When working with children, CBT is delivered through creative, play-based, and developmentally appropriate methods that make abstract ideas more accessible and engaging. Concepts such as thoughts, feelings, and behaviours are often introduced using drawings, stories, games, metaphors, and characters (for example, worry monsters, thought bubbles, or feelings thermometers). Visual tools, worksheets adapted for age, and storytelling help children externalise difficulties and reduce shame, while collaborative experiments and rewards maintain motivation. Throughout the process, caregivers are often involved to support skill practice at home, ensuring that learning is generalised and meaningful in the child’s everyday world.

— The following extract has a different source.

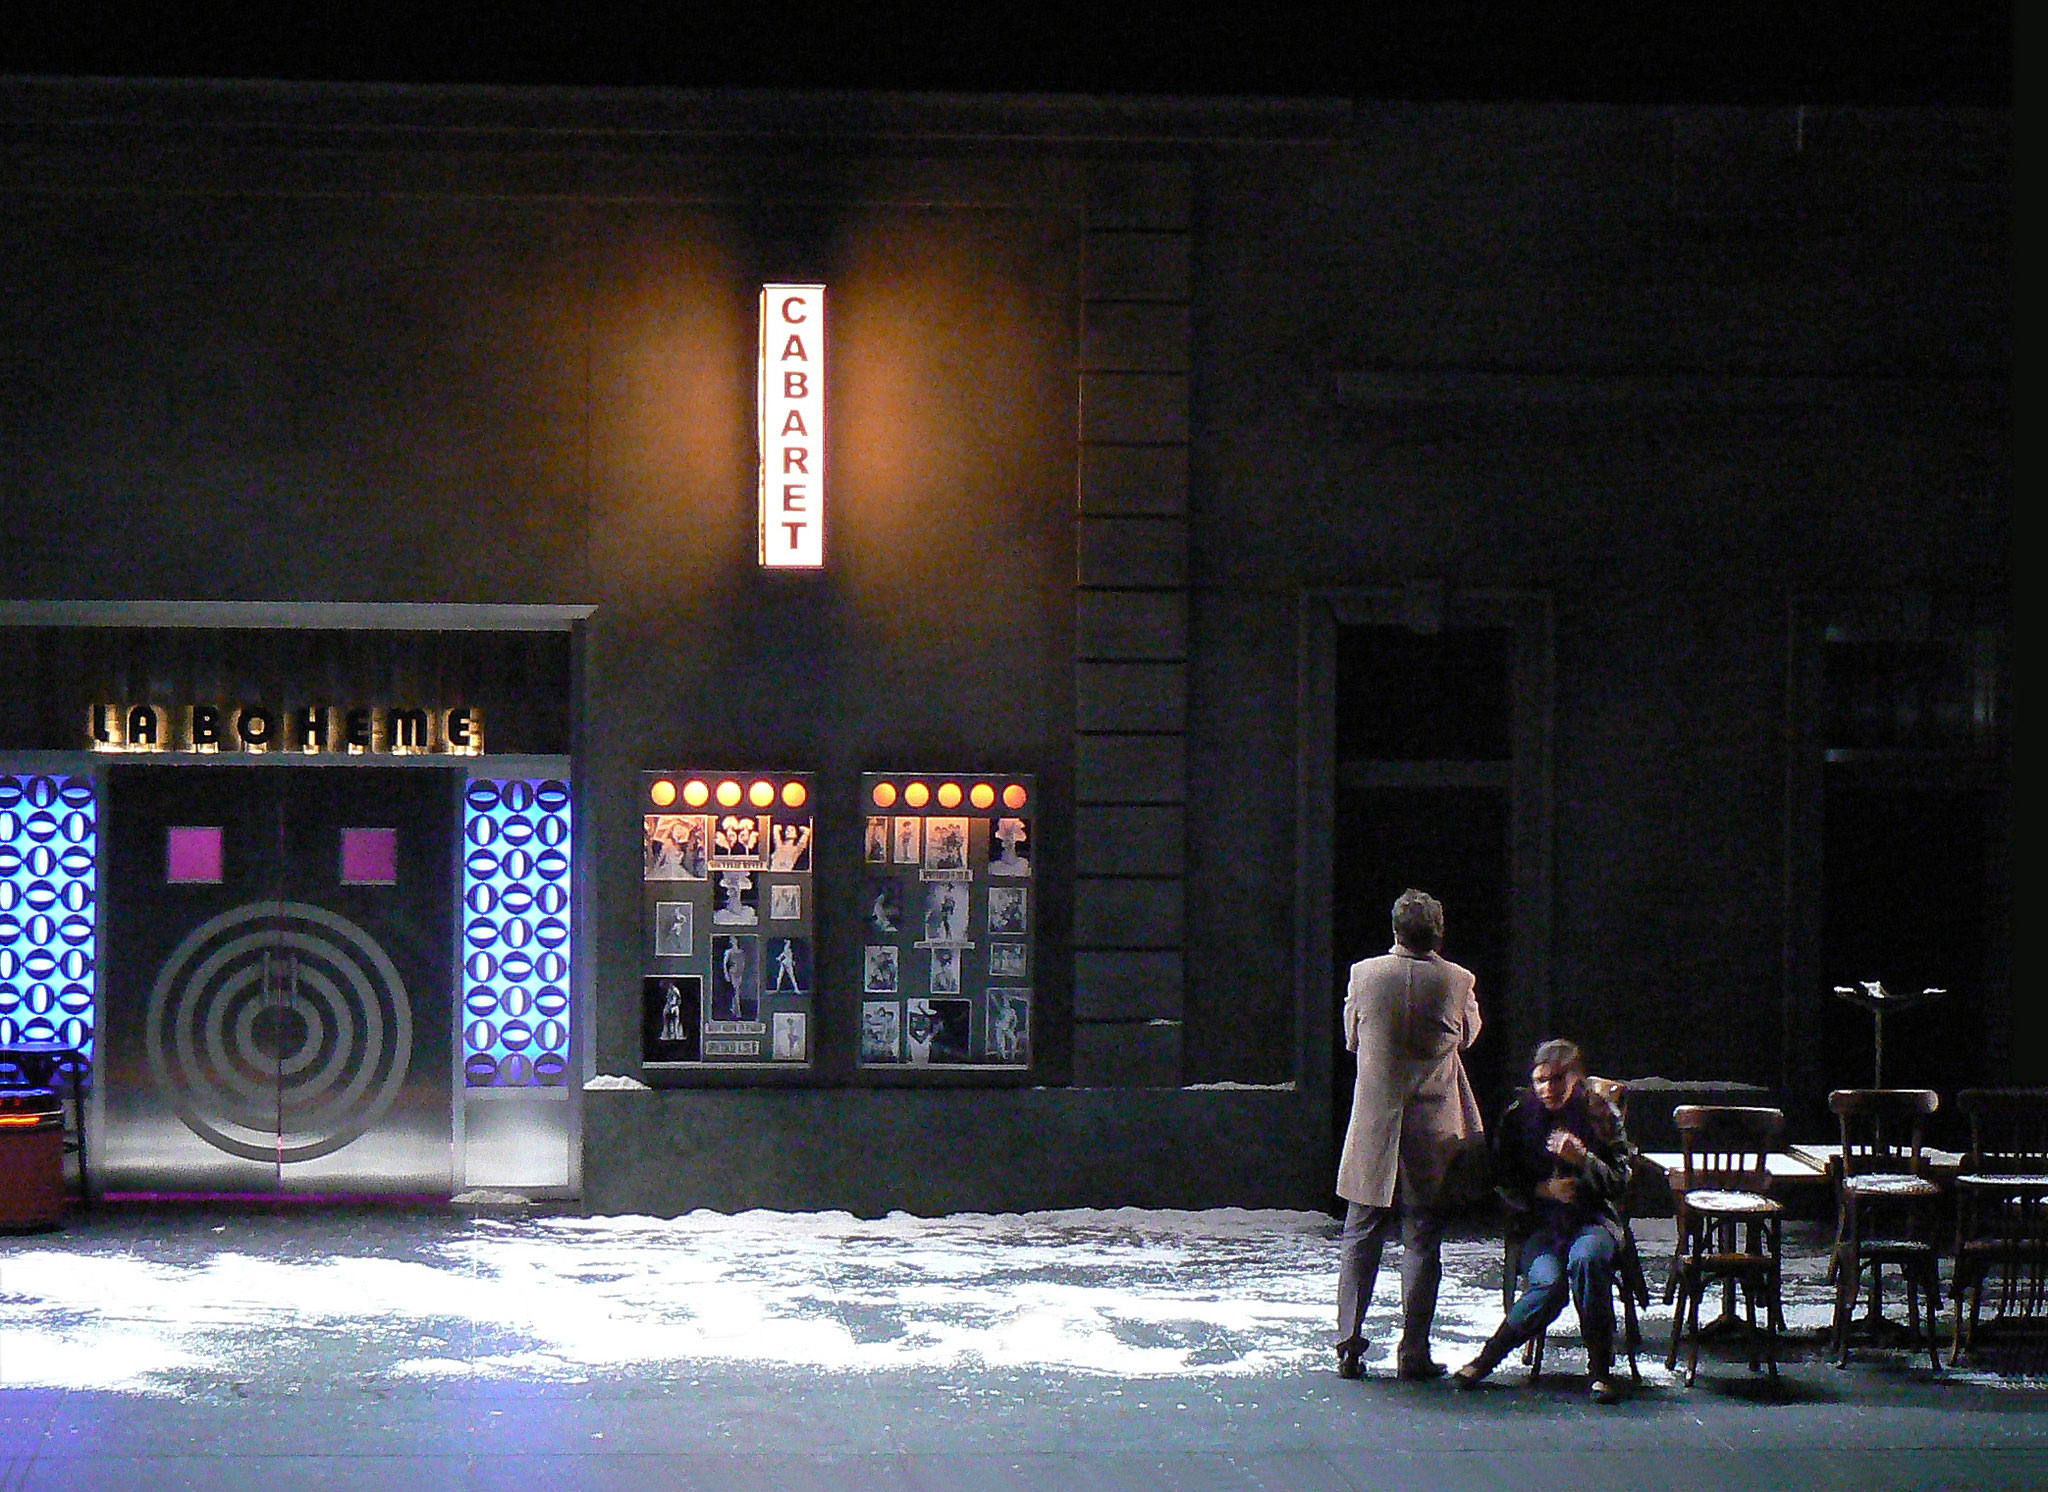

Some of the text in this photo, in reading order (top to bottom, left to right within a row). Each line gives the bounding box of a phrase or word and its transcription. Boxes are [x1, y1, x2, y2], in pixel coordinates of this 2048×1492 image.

[781, 296, 809, 550] CABARET
[93, 705, 472, 747] LA BOHEME

In CBT, reassurance is understood as potentially unhelpful because, while it can reduce distress in the short term, it often maintains anxiety over time. Repeated reassurance (from adults or the therapist) can prevent the child from learning to tolerate uncertainty or test out their own coping abilities, instead reinforcing the belief that they cannot cope unless someone else confirms they are safe or “okay.” This can strengthen anxiety-driven behaviours such as repeated checking or reassurance-seeking, creating a cycle where anxiety returns quickly and reassurance is needed again.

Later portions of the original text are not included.